The American Cancer Society has developed colorectal cancer screening guidelines for people at average risk as well people at high risk for colorectal cancer.

For people at average risk

The American Cancer Society recommends that people at average risk* of colorectal cancer start regular screening at age 45. This can be done either with a sensitive test that looks for signs of cancer in a person’s stool (a stool-based test), or with an exam that looks at the colon and rectum (a visual exam). These options are listed below.

People who are in good health and with a life expectancy of more than 10 years should continue regular colorectal cancer screening through age 75.

For people ages 76 through 85, the decision to be screened should be based on a person’s preferences, life expectancy, overall health, and prior screening history.

People over age 85 should no longer get colorectal cancer screening.

*For screening, people are considered to be at average risk if they do not have:

  • A personal history of colorectal cancer or certain types of polyps
  • A family history of colorectal cancer
  • A personal history of inflammatory bowel disease (ulcerative colitis or Crohn’s disease)
  • A confirmed or suspected hereditary colorectal cancer syndrome, such as familial adenomatous polyposis (FAP) or Lynch syndrome (hereditary non-polyposis colon cancer or HNPCC)
  • A personal history of getting radiation to the abdomen (belly) or pelvic area to treat a prior cancer

Test options for colorectal cancer screening

Several test options are available for colorectal cancer screening:

Stool-based tests

  • Highly sensitive fecal immunochemical test (FIT) every year
  • Highly sensitive guaiac-based fecal occult blood test (gFOBT) every year
  • Multi-targeted stool DNA test with fecal immunochemical testing (MT-sDNA or sDNA-FIT or FIT-DNA)) every 3 years

Visual (structural) exams of the colon and rectum

  • Colonoscopy every 10 years
  • CT colonography (virtual colonoscopy) every 5 years
  • Sigmoidoscopy every 5 years

There are some differences between these tests to consider (see Colorectal Cancer Screening Tests), but the most important thing is to get screened, no matter which test you choose. Talk to your health care provider about which tests might be good options for you, and to your insurance provider about your coverage.

If a person chooses to be screened with a test other than colonoscopy, any abnormal test result should be followed up with a timely colonoscopy.
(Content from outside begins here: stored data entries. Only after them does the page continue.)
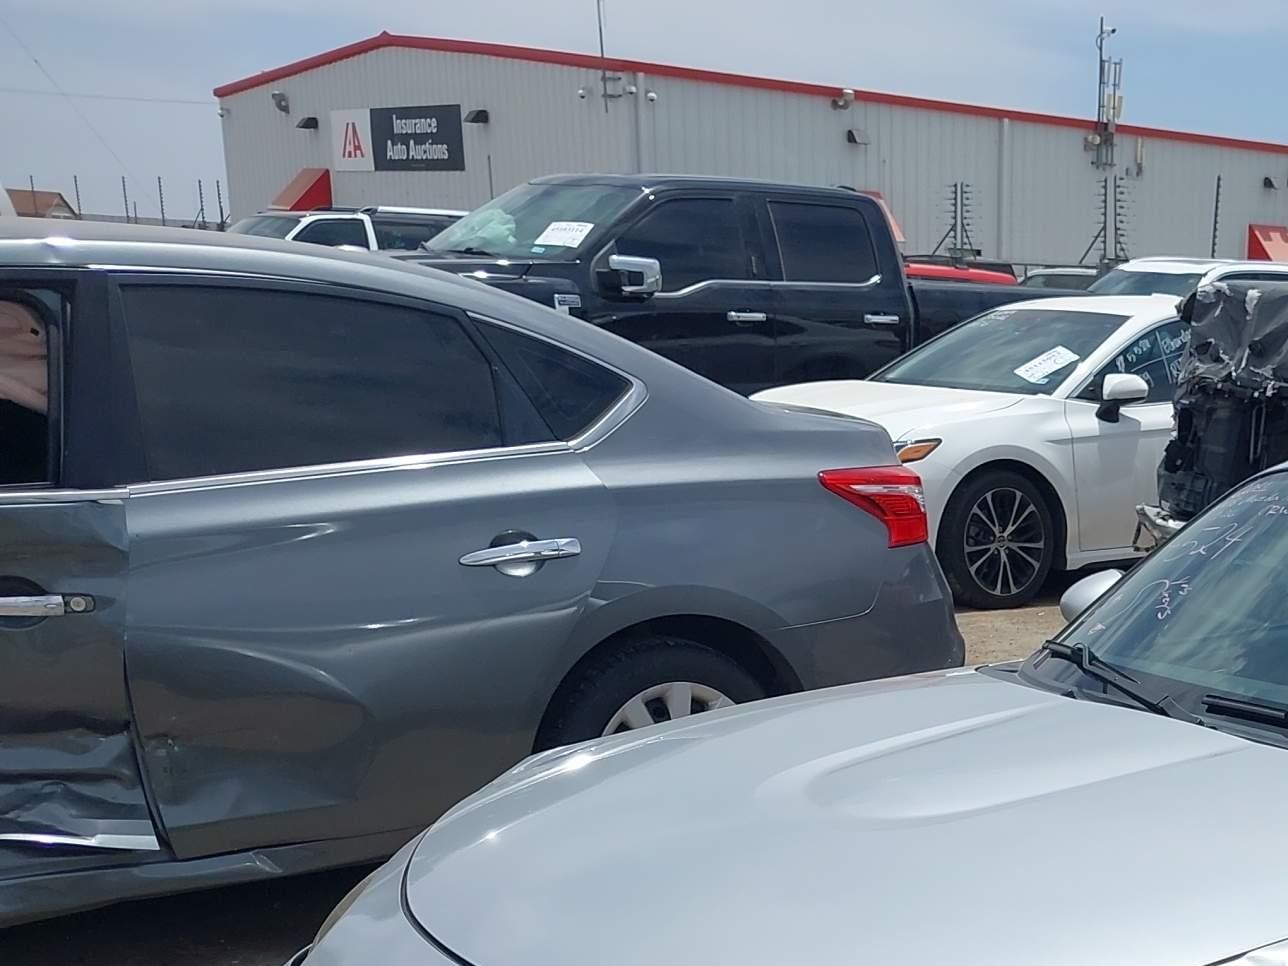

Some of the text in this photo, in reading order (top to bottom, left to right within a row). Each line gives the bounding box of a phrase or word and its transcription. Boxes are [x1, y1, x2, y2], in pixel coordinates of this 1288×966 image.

[392, 114, 438, 134] Insurance
[386, 139, 449, 160] Auto Auctions
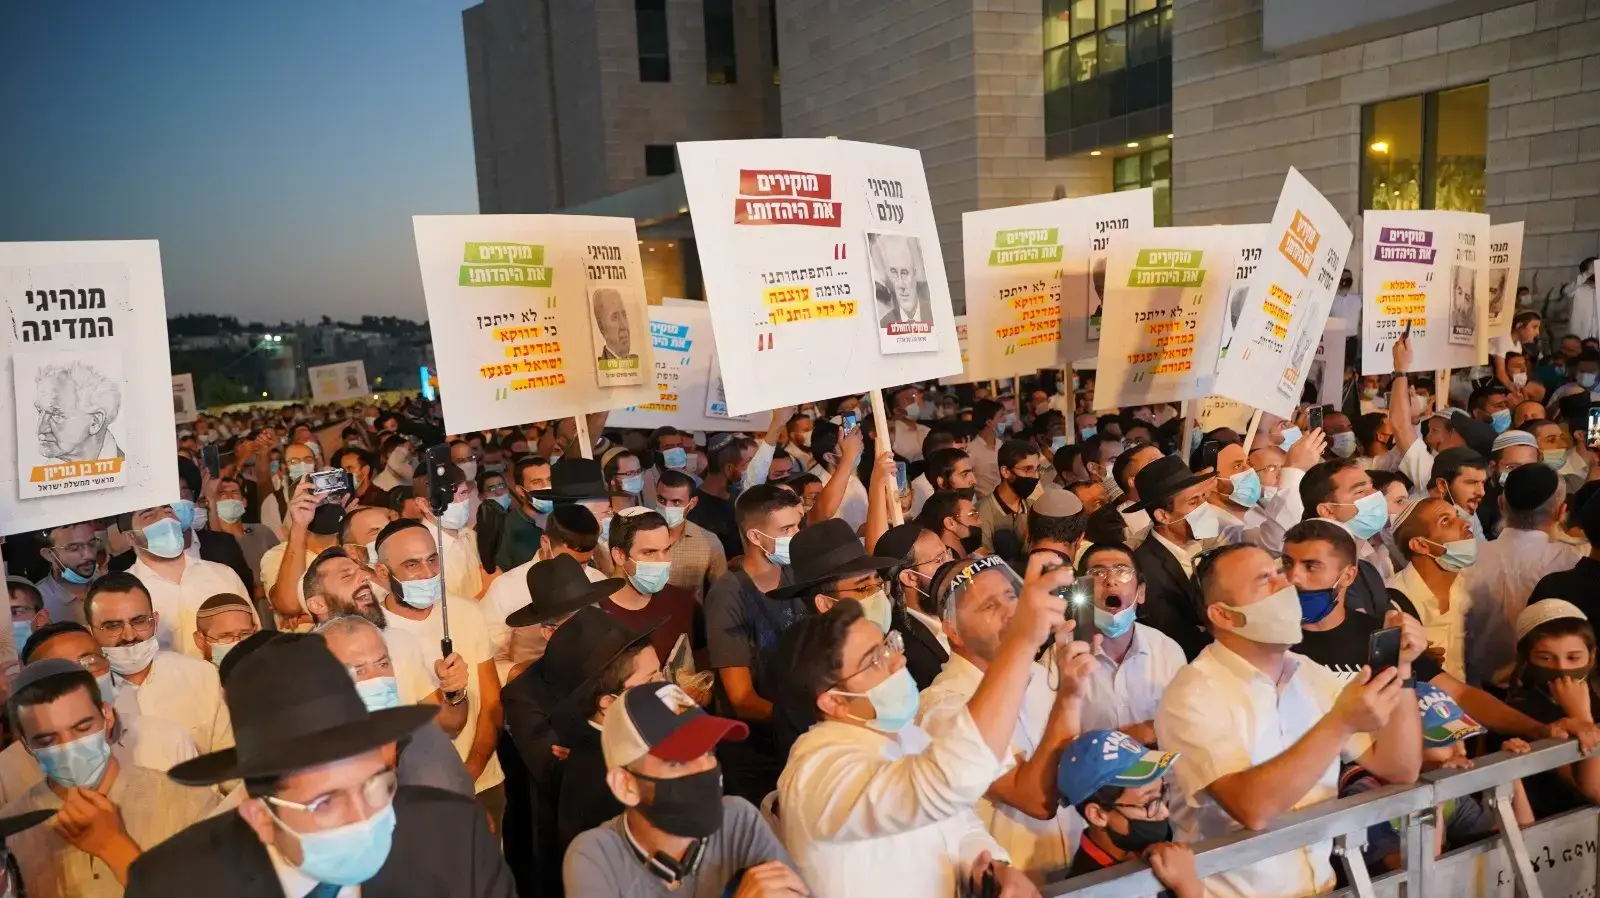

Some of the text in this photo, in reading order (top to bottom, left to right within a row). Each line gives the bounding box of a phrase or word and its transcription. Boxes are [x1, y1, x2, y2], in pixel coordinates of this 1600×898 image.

[757, 174, 819, 197] מוקירים
[867, 178, 903, 199] מנהיגי
[745, 202, 835, 220] את היהדות!
[877, 201, 904, 224] עולם
[1006, 229, 1048, 246] מוקירים
[1389, 230, 1425, 245] מוקירים
[479, 245, 533, 264] מוקירים
[588, 245, 621, 261] מנהיגי
[997, 246, 1057, 263] את היהדות!
[1381, 247, 1432, 260] את היהדות!
[1490, 242, 1509, 252] מנהי
[1149, 251, 1192, 268] מוקירים
[1489, 254, 1509, 264] המדי
[469, 267, 546, 283] את היהדות!
[588, 265, 627, 281] המדינה
[761, 266, 833, 284] התפתחותנו
[1137, 270, 1199, 284] את היהדות!
[999, 285, 1027, 300] ייתכן
[1032, 280, 1045, 292] לא
[1390, 280, 1416, 289] אלמלא
[25, 288, 106, 312] מנהיגי
[768, 284, 851, 304] כאומה עוצבה
[1014, 293, 1061, 309] כי דווקא
[521, 308, 538, 323] לא
[816, 304, 835, 316] ידי
[839, 300, 854, 315] על
[1022, 306, 1061, 320] במדינת
[1170, 305, 1183, 318] לא
[477, 313, 514, 329] ייתכן
[1135, 310, 1165, 323] ייתכן
[22, 316, 114, 343] המדינה
[500, 325, 558, 343] כי דווקא
[996, 318, 1062, 339] ישראל יפגעו
[1149, 320, 1196, 335] כי דווקא
[1156, 333, 1194, 347] במדינת
[513, 341, 561, 357] במדינת
[1127, 347, 1193, 365] ישראל יפגעו
[480, 358, 562, 379] ישראל יפגעו
[43, 460, 114, 481] דוד בן גוריון
[38, 476, 115, 492] מראשי ממשלת ישראל
For people at increased or high risk

People at increased or high risk of colorectal cancer might need to start colorectal cancer screening before age 45, be screened more often, and/or get specific tests. This includes people with:

  • A strong family history of colorectal cancer or certain types of polyps (see Colorectal Cancer Risk Factors)
  • A personal history of colorectal cancer or certain types of polyps
  • A personal history of inflammatory bowel disease (ulcerative colitis or Crohn’s disease)
  • A known family history of a hereditary colorectal cancer syndrome, such as familial adenomatous polyposis (FAP) or Lynch syndrome (also known as hereditary non-polyposis colon cancer or HNPCC)
  • A personal history of radiation to the abdomen (belly) or pelvic area to treat a prior cancer

The American Cancer Society does not have screening guidelines specifically for people at increased or high risk of colorectal cancer. However, other professional medical organizations, such as the US Multi-Society Task Force on Colorectal Cancer (USMSTF), do put out such guidelines. These guidelines are complex and are best reviewed with your health care provider. In general, these guidelines put people into several groups (although the details depend on each person’s specific risk factors).
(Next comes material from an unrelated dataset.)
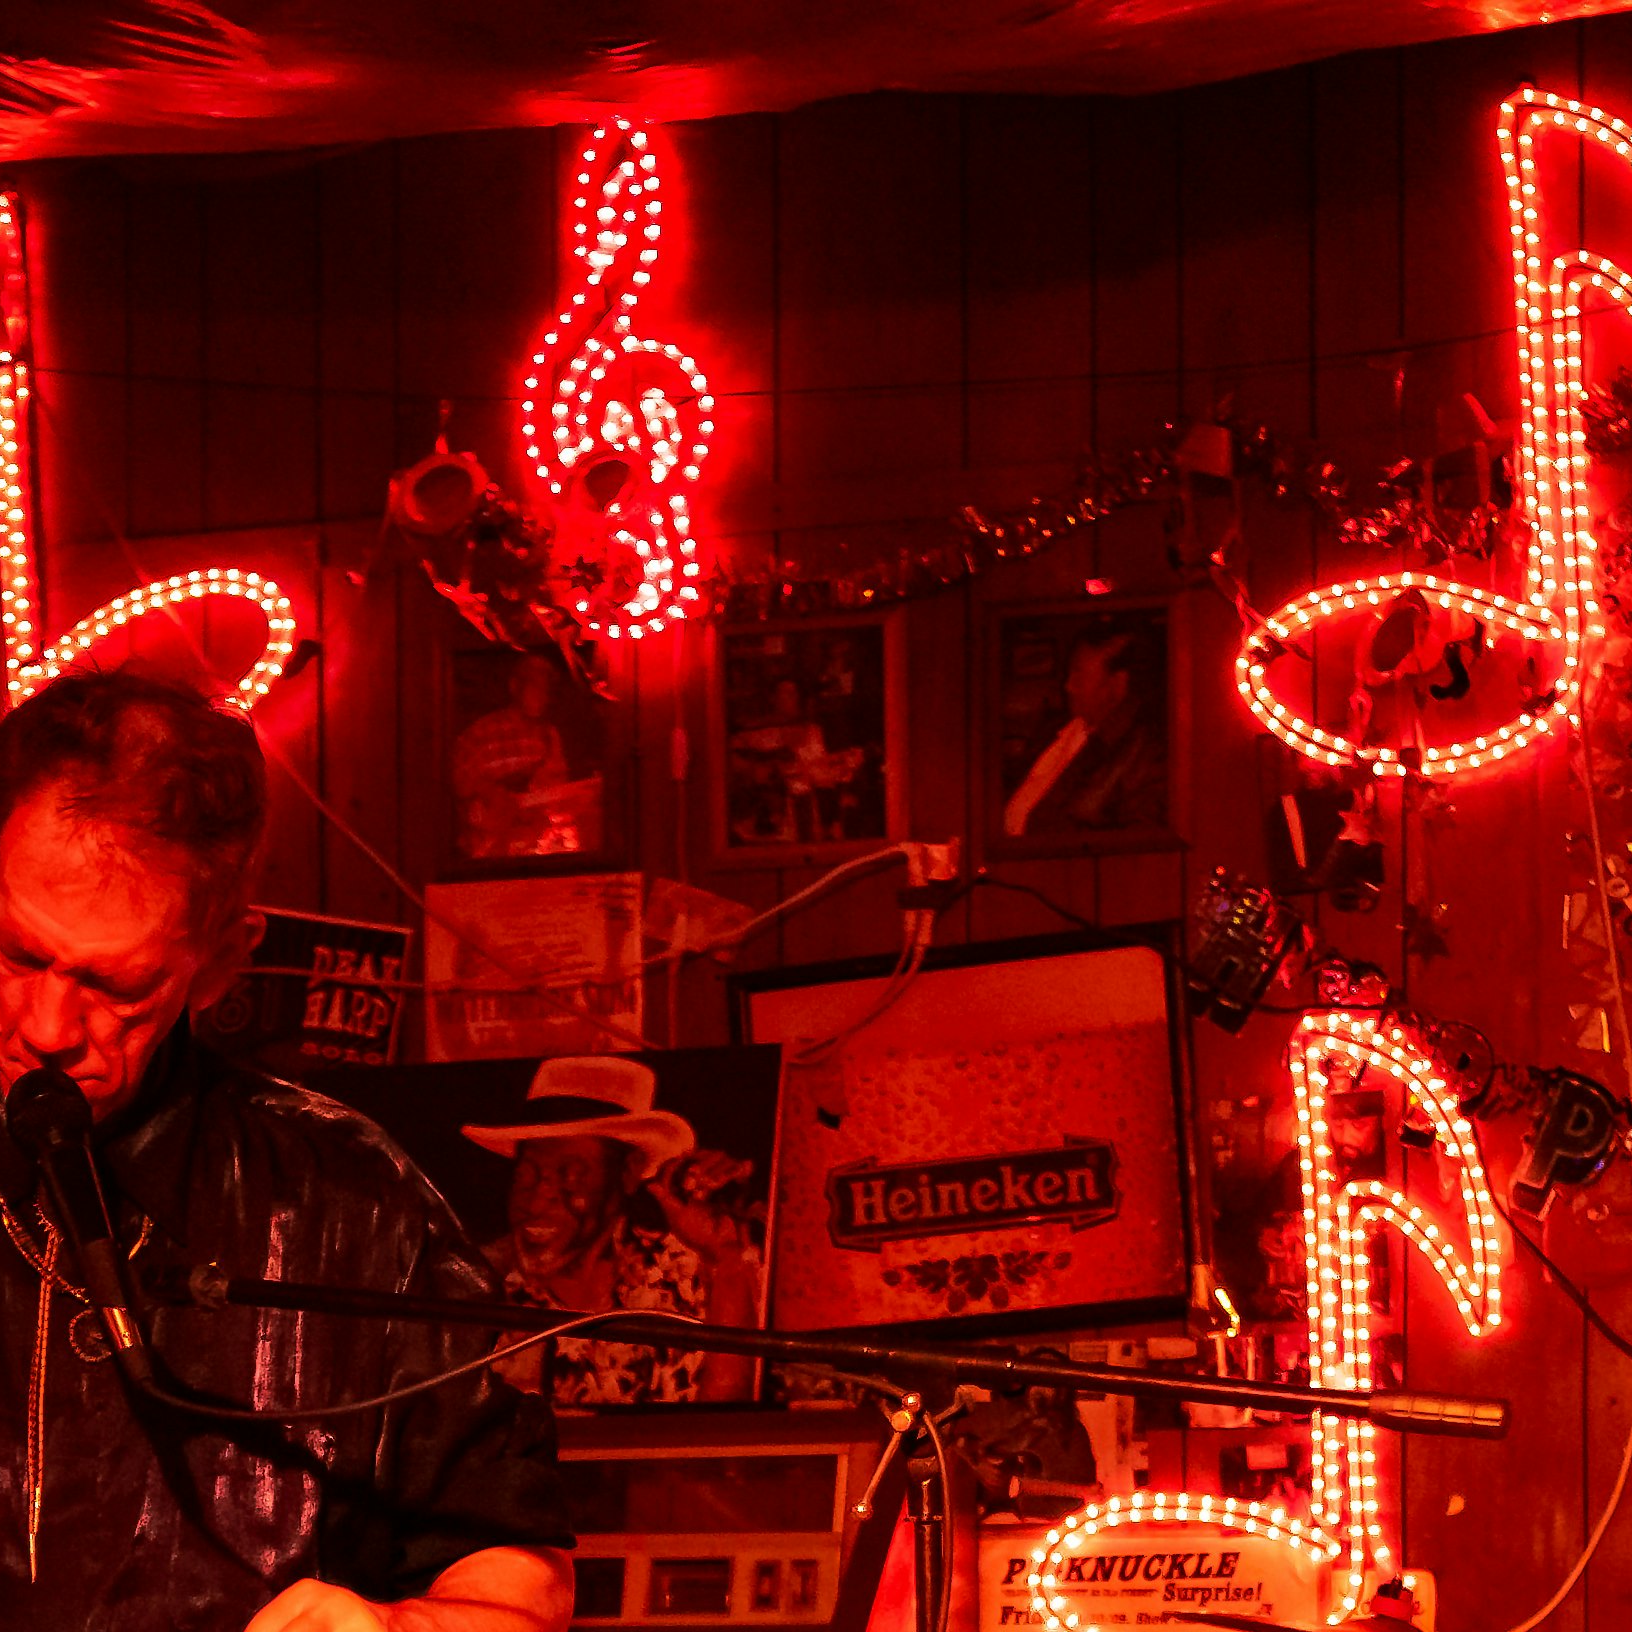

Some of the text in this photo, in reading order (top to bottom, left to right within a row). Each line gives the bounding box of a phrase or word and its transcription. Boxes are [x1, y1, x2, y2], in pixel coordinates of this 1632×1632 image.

[851, 1165, 1100, 1227] Heineken
[1002, 1551, 1240, 1585] PKNUCKLE
[1162, 1582, 1264, 1607] Surprise!
People at increased risk for colorectal cancer

People with one or more family members who have had colon or rectal cancer

Screening recommendations for these people depend on who in the family had cancer and how old they were when it was diagnosed. Some people with a family history will be able to follow the recommendations for average-risk adults, but others might need to get a colonoscopy (and not any other type of test) more often, and possibly starting before age 45.

People who have had certain types of polyps removed during a colonoscopy

Most of these people will need to get a colonoscopy again after 3 years, but some people might need to get one earlier (or later) than 3 years, depending on the type, size, and number of polyps.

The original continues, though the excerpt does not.